Ricardo adds, "Do you already find yourselves the mirror image of an elderly couple, sick of hearing the same old story from across the table? If you do, know that boredom breeds arguments for the sake of excitement. Boring is not hot, especially in college. One or both of you might need to either step up your accomplishments and life goals or move on. Unless you plan on dancing on the table with your S.O. after dinner, you’re too young to settle for a great playlist and headphones you can wear while you eat to block out each other’s constant story reruns."

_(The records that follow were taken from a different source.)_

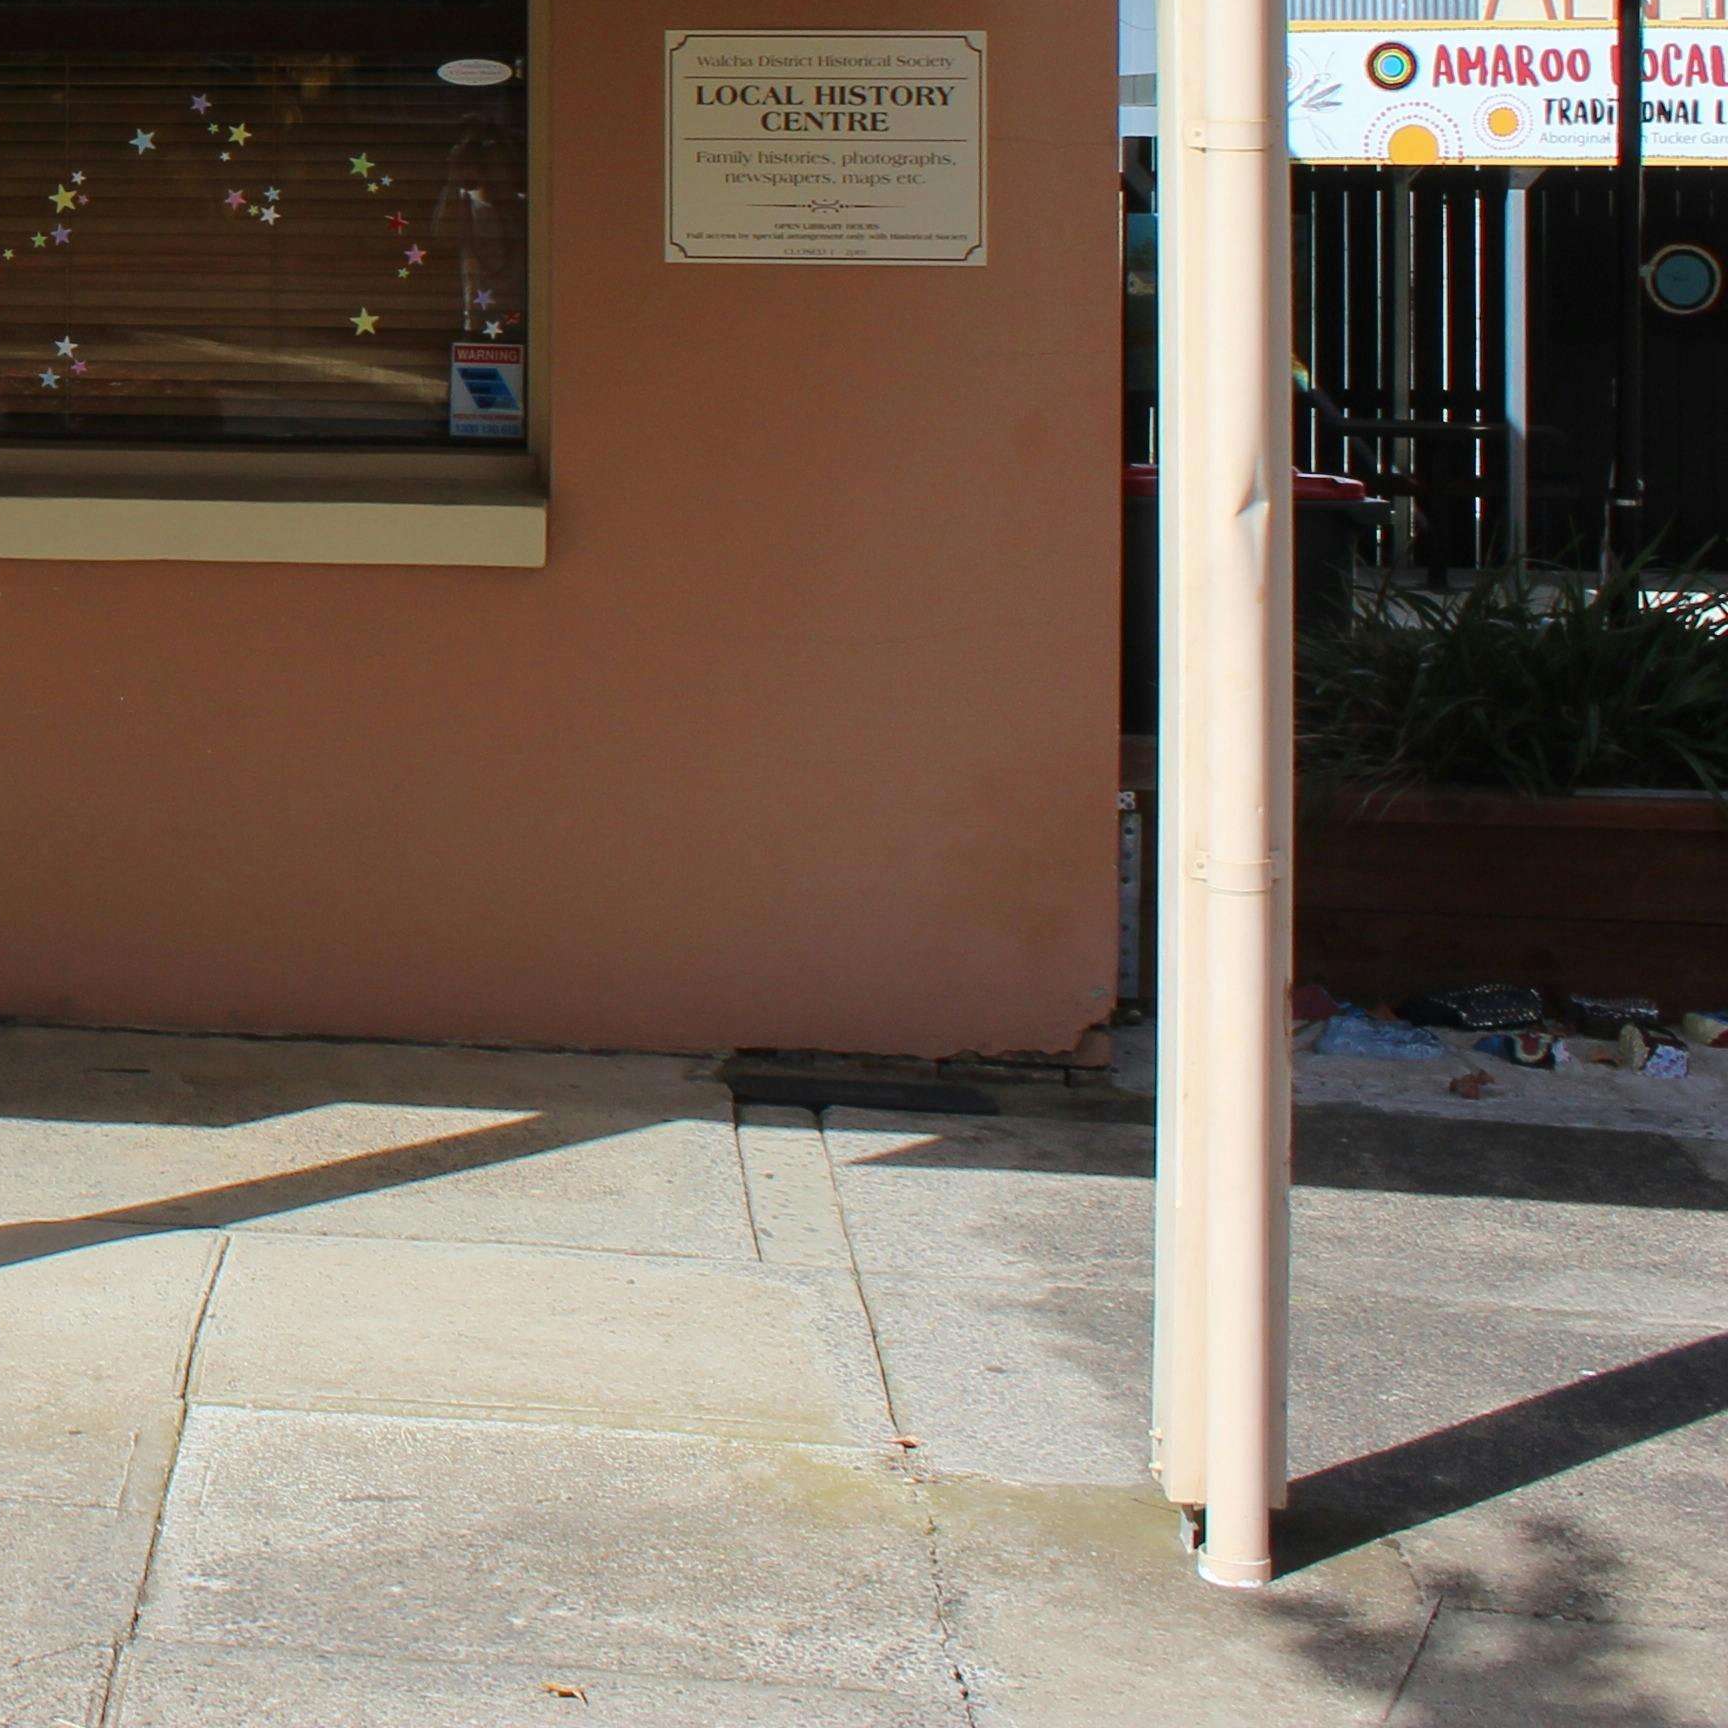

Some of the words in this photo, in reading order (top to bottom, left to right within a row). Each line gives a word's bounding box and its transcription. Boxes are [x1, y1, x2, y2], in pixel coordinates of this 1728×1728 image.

[696, 55, 753, 68] Walcha
[758, 54, 813, 68] District
[817, 54, 892, 68] Historical
[895, 55, 955, 70] Society
[1432, 43, 1591, 87] AMAROO
[695, 84, 803, 106] LOCAL
[815, 84, 956, 107] HISTORY
[760, 111, 890, 132] CENTRE
[1538, 132, 1610, 148] Aboriginal
[1651, 132, 1697, 144] Tucker
[695, 151, 753, 167] Family
[841, 151, 957, 168] photographs,
[841, 172, 891, 187] maps
[456, 349, 518, 362] WARNING
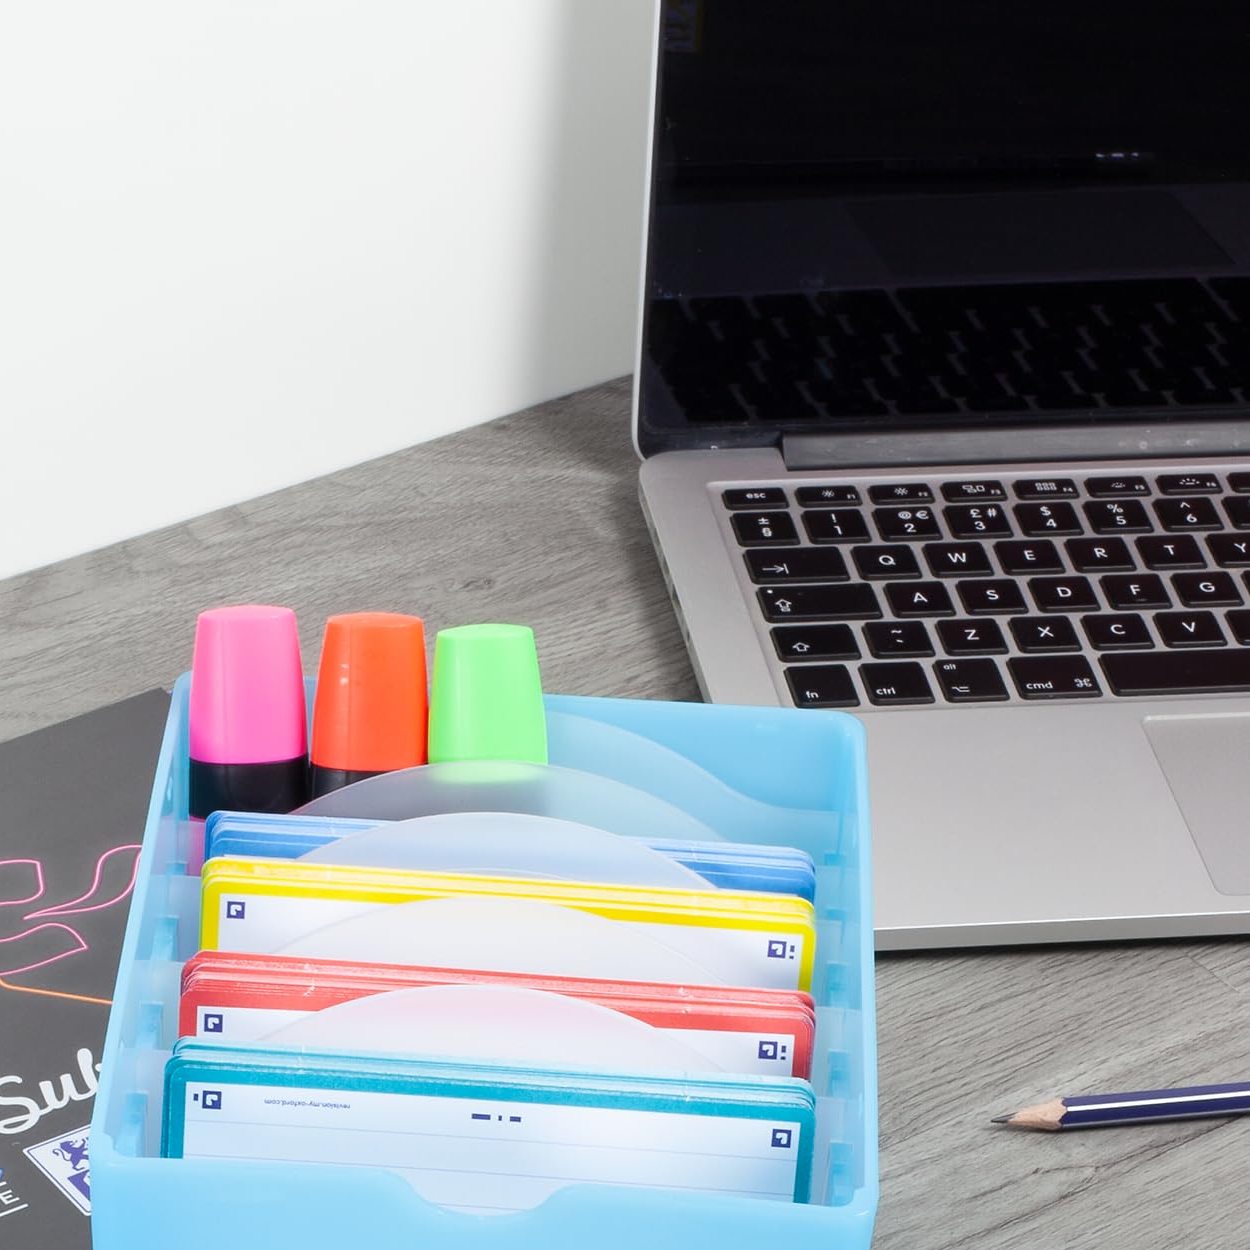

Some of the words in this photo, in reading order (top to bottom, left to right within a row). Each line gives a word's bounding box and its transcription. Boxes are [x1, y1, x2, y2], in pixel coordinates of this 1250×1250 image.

[1046, 518, 1057, 528] 4
[1116, 515, 1127, 525] 5
[1186, 513, 1198, 523] 6
[904, 523, 916, 533] 2
[974, 520, 986, 531] 3
[1093, 547, 1108, 558] R
[1163, 544, 1175, 555] T
[1234, 542, 1247, 553] Y
[878, 554, 896, 566] Q
[947, 552, 967, 563] W
[1023, 550, 1036, 561] E
[1056, 586, 1072, 598] D
[1129, 584, 1140, 595] F
[1199, 582, 1216, 593] G
[913, 591, 928, 603] A
[986, 589, 999, 600] S
[1037, 626, 1054, 638] X
[1110, 624, 1126, 635] C
[1181, 621, 1196, 633] V
[964, 629, 980, 641] Z
[876, 687, 896, 695] ctrl
[1026, 681, 1054, 690] cmd
[805, 690, 819, 699] fn
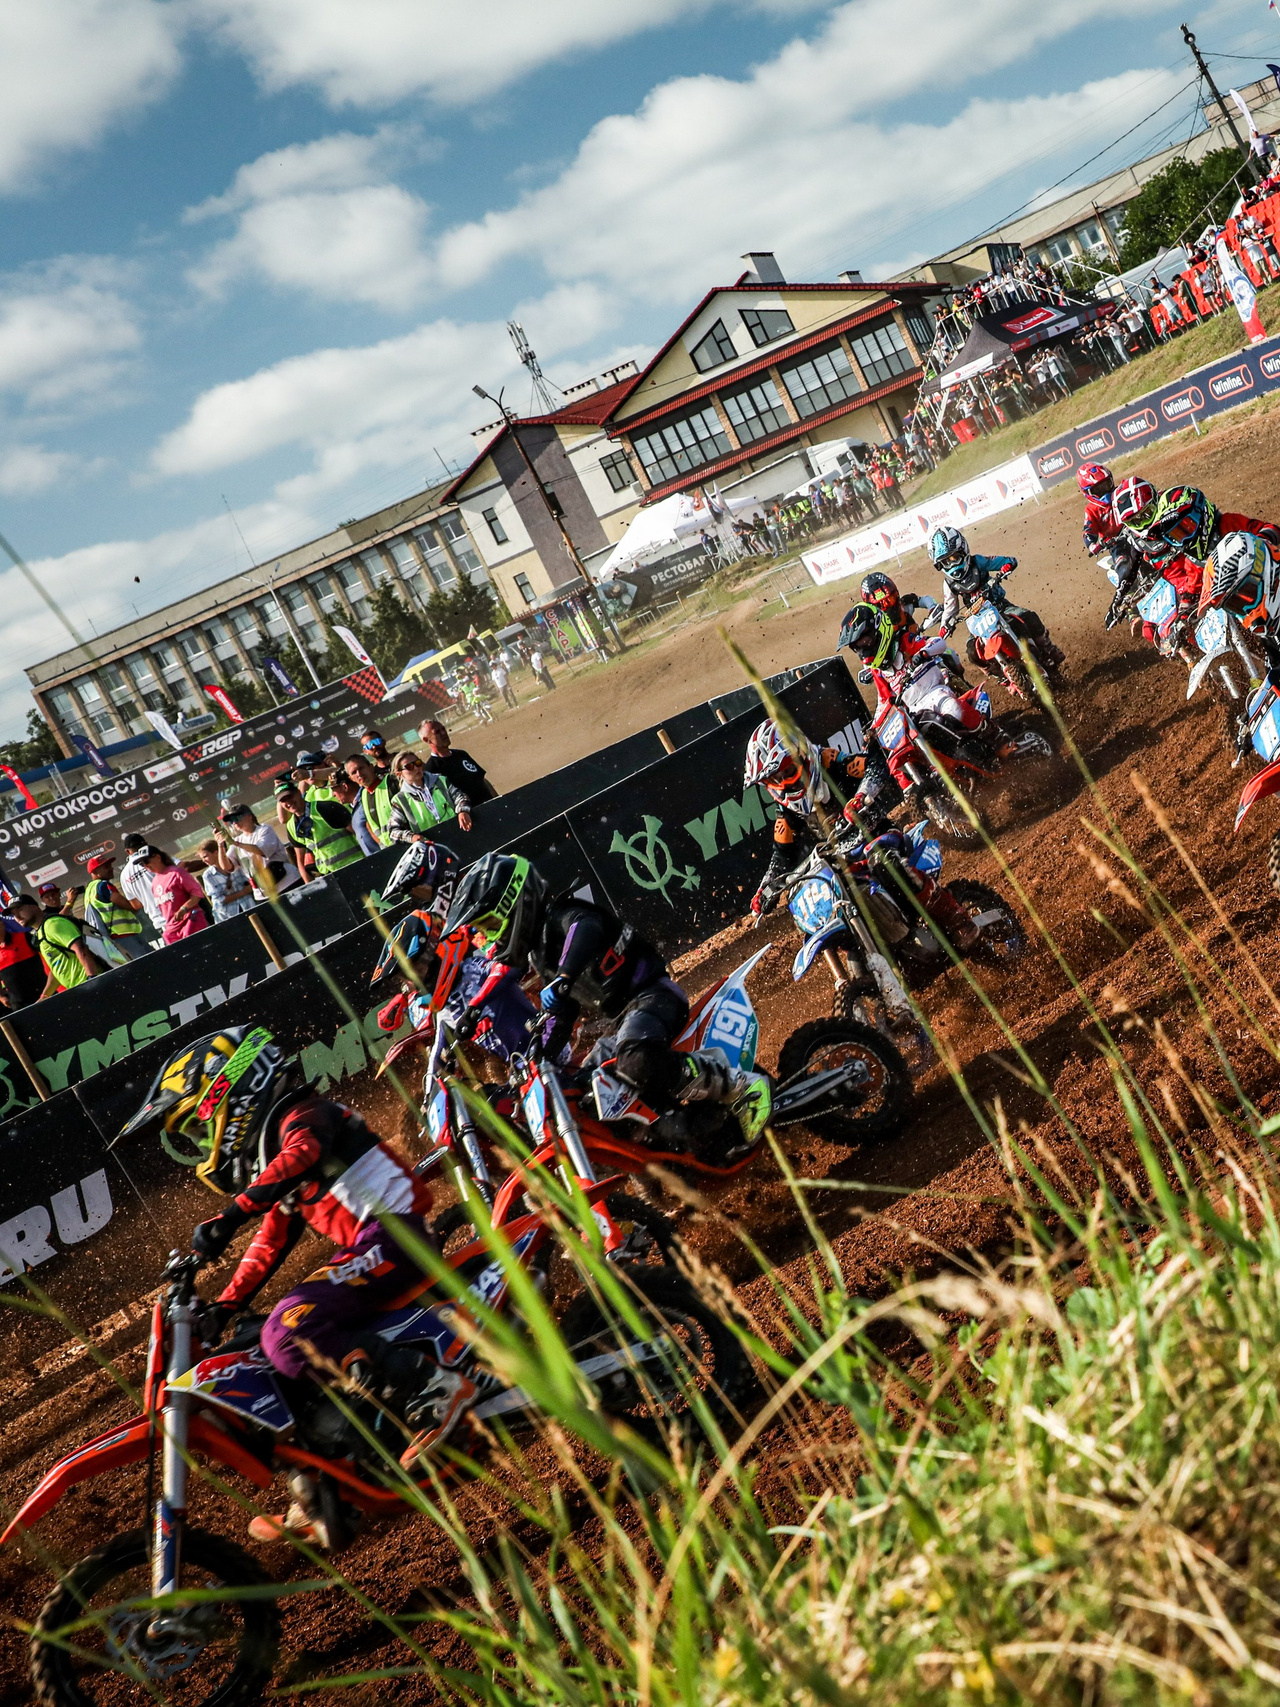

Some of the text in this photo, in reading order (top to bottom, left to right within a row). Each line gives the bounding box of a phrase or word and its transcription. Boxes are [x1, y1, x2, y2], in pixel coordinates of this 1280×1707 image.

[1211, 374, 1244, 396] Winline
[1164, 396, 1192, 418] Winline
[1120, 416, 1148, 437] Winline
[1078, 435, 1105, 456] Winline
[1040, 454, 1065, 476] Winline
[1007, 472, 1032, 488] LEMARC
[966, 492, 989, 508] LEMARC
[929, 510, 950, 524] LEMARC
[890, 527, 911, 542] LEMARC
[651, 555, 706, 585] РЕСТОБАР
[545, 609, 574, 658] СТАРТ
[975, 610, 998, 636] 116
[202, 729, 242, 757] RGP
[12, 774, 137, 837] МОТОКРОССУ
[77, 846, 105, 862] Winline
[496, 873, 524, 918] 100%
[711, 1000, 753, 1048] 191

Consider Ricardo's words when considering whether or not to end a relationship based on an unequal give-and-take: "College is about growing. Sometimes a couple’s bond grows stronger, but if you both do not have time for each other, that’s natural too. You’re young and growing in the direction of your dreams and goals and so is your S.O. If you are already attending medical conferences while you go for your degree and he/she is at home playing video games, either you have a great stay-at-home parent candidate, the next video game inventor bazillionaire, or a lazy donkey-choo that will eat all your cereal then leave sticky bowls in the sink for you to scrub for the rest of your college days. Only you can make the call to stay or send their video race kart down the road. Beep, beep!"
Being disappointed in your partner doesn't mean that you are being unrealistic or that you need to set your standards lower. If there is one thing that should be high, it should be your standards. Be proud of who you are and don’t settle for someone who doesn't deserve you. Be conscious of your self-worth and if you feel that you're being taken advantage of, know the signs that you're better than that and move on!